Tuesday, May 15, 2007

Vegan Pumpkin Waffles

From Isa at the Post Punk Kitchen
(slightly modified by me)

Yield: 16 waffles

2 1/2 cups whole wheat flour
1/4 cup agave nectar
2 1/2 tsp baking powder
1/2 tsp baking soda
1/2 tsp salt
2 tsp cinnamon
1 tsp ground ginger
1/2 tsp nutmeg
1/4 tsp ground cloves
2 Tb soy yogurt
2 cups soymilk
15 oz pureed pumpkin - fresh or canned
1/3 cup safflower oil
2 tsp vanilla extract

Sift together dry ingredients. In a separate bowl, vigorously whisk together wet ingredients until well emulsified. Pour wet into dry and combine. Prepare waffles according to manufacturers instructions.

Serve with maple syrup and Earth Balance spread.

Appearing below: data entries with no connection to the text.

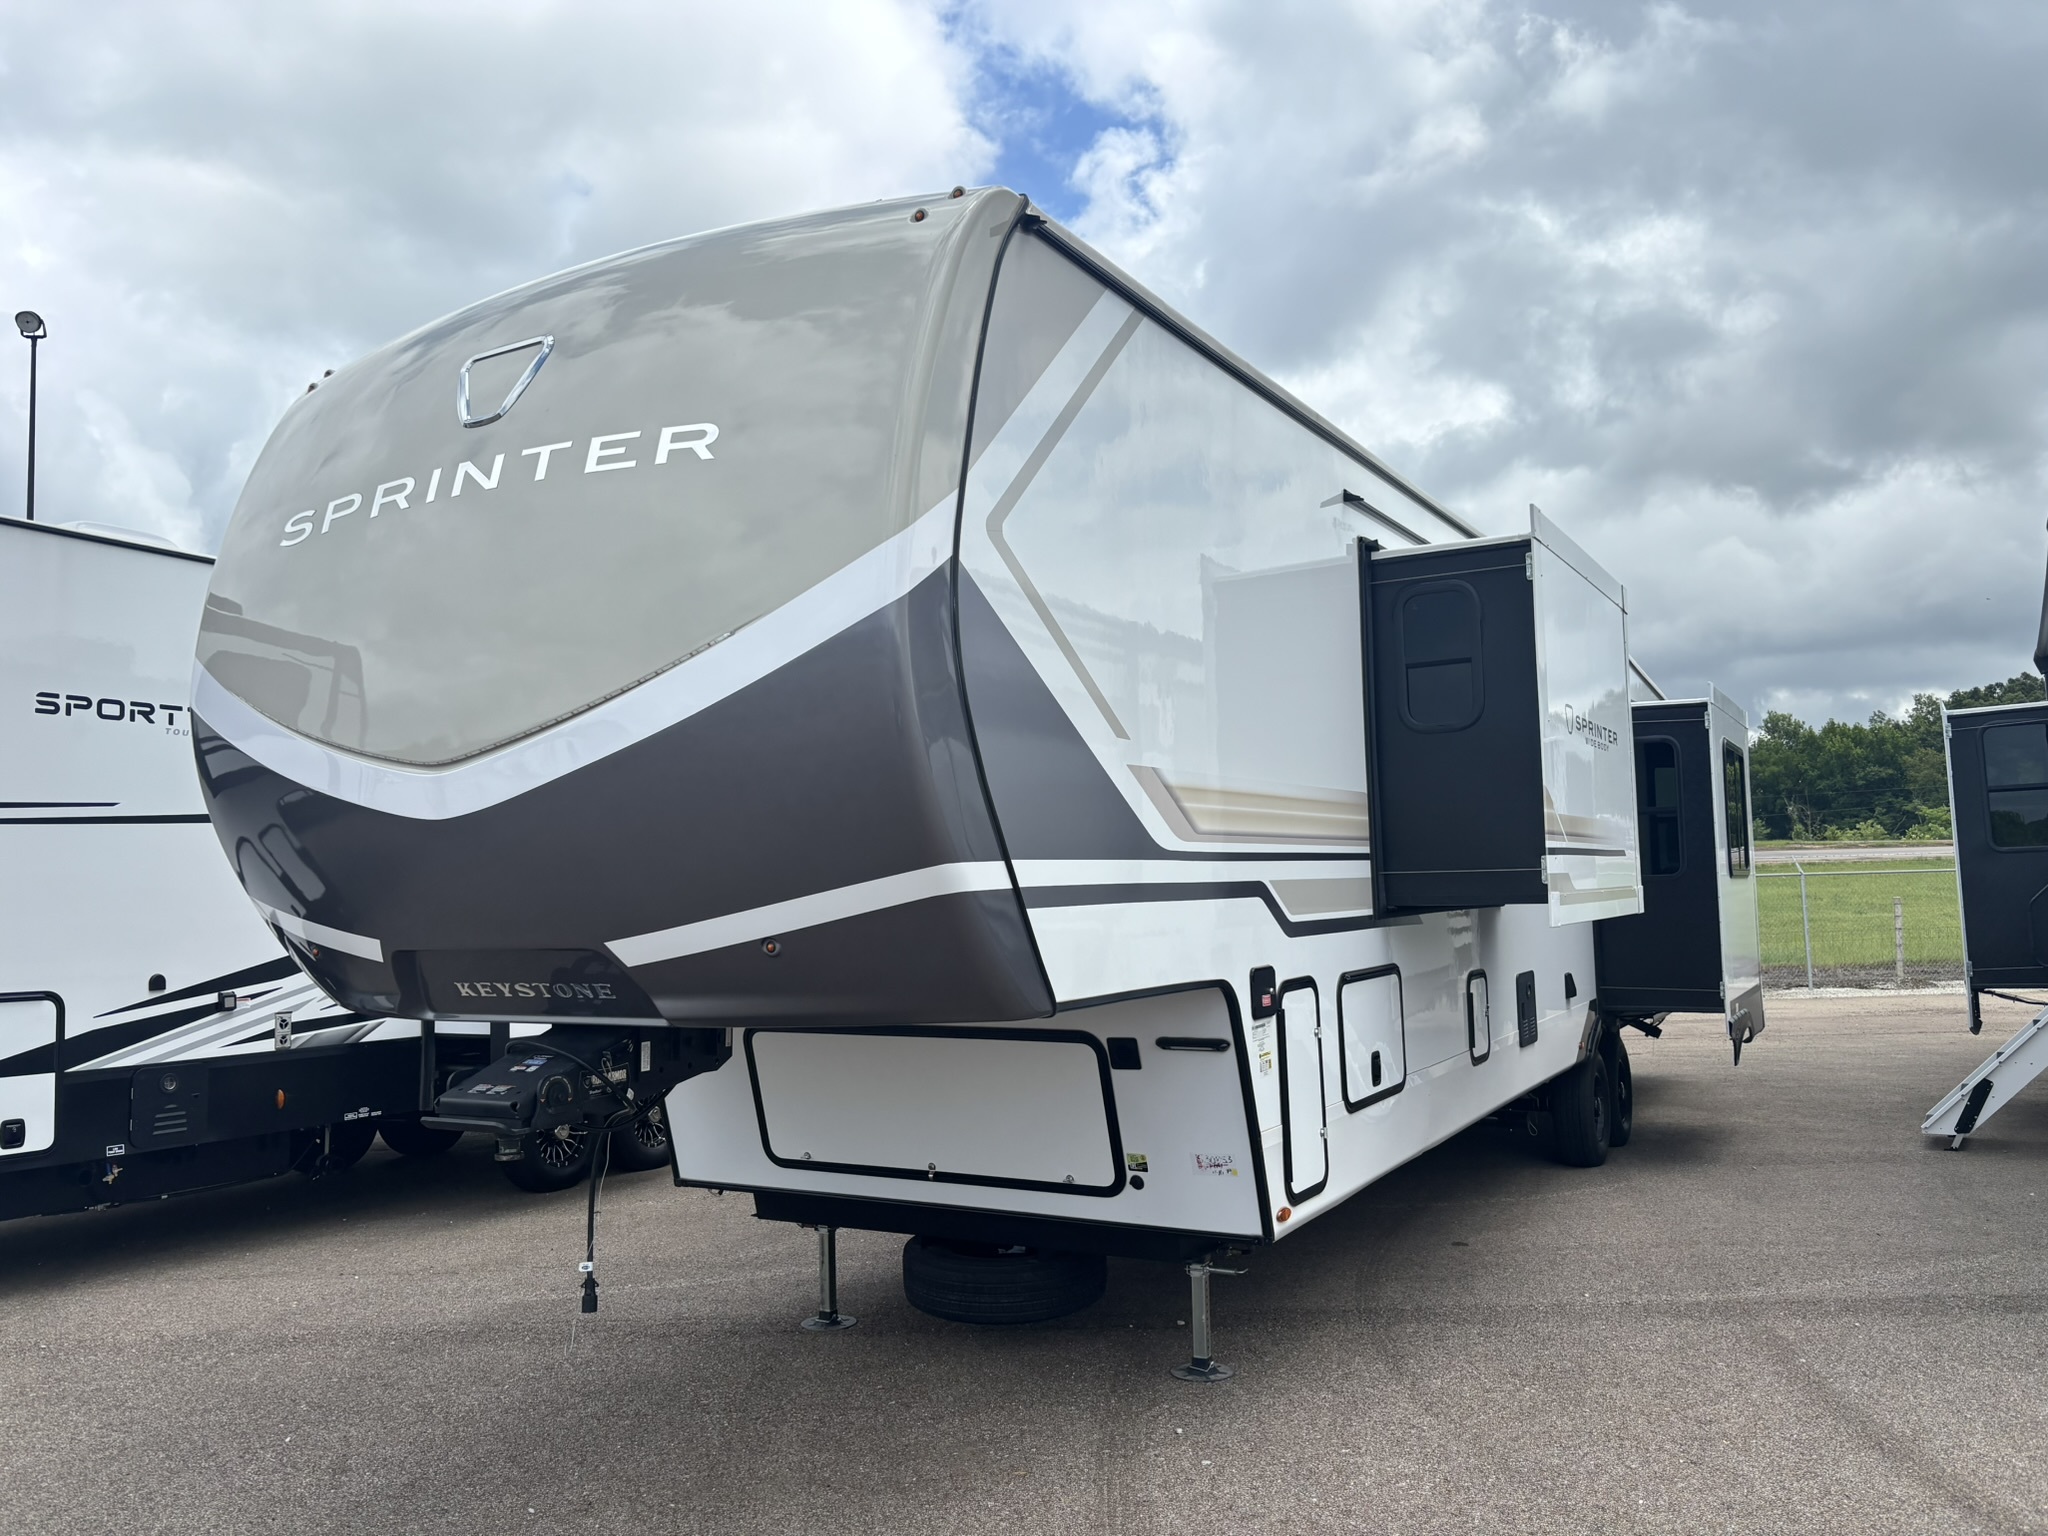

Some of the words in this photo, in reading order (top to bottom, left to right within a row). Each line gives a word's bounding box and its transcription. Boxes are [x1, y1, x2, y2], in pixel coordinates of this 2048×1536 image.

[279, 421, 721, 548] SPRINTER
[34, 691, 192, 726] SPORT
[1575, 715, 1618, 746] SPRINTER
[1597, 741, 1609, 752] BODY
[453, 981, 617, 999] KEYSTONE
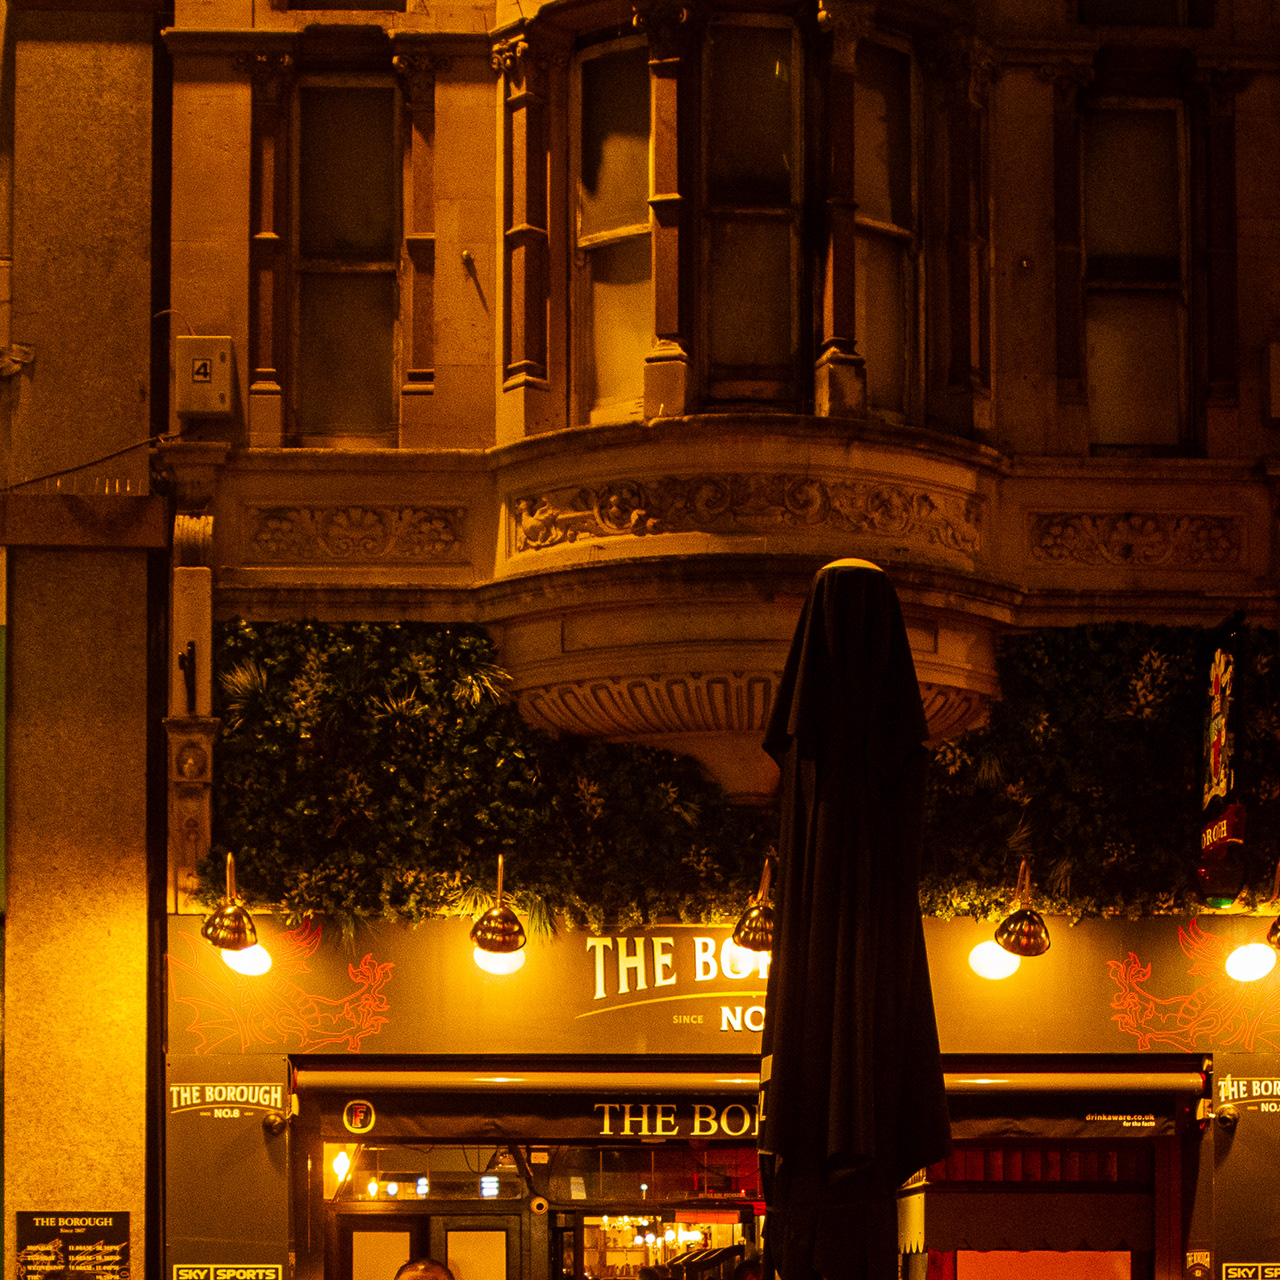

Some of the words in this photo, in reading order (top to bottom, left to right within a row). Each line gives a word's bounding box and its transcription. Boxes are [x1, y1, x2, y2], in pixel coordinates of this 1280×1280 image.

[195, 362, 208, 378] 4
[586, 937, 677, 1000] THE
[672, 1015, 704, 1024] SINCE
[1218, 1080, 1248, 1102] THE
[170, 1086, 201, 1108] THE
[205, 1086, 282, 1108] BOROUGH
[214, 1109, 240, 1118] NO.8
[1085, 1113, 1155, 1121] drinkaware.co.uk
[594, 1104, 679, 1135] THE
[33, 1217, 56, 1226] THE
[58, 1217, 113, 1227] BOROUGH
[178, 1269, 208, 1280] SKY
[216, 1269, 276, 1280] SPORTS
[1227, 1267, 1256, 1278] SKY

Mmm... pumpkin. Yes, I'm a little obsessed with all things pumpkin. The waffles were tasty, and not too sweet. (Which is good since you know I'm going to be dousing them in syrup either way.) I wasn’t crazy about the texture, but it may have been my lack of skill with the waffle iron (as evidenced in the above picture!) And I actually preferred the pancakes I made with the leftover batter anyway. I’d like to experiment with making them multigrain, or possibly wheat free. Also, next time, unless I’m cooking for vegans I won’t bother to buy soy yogurt, just for 2 Tb, when I already have regular yogurt on hand.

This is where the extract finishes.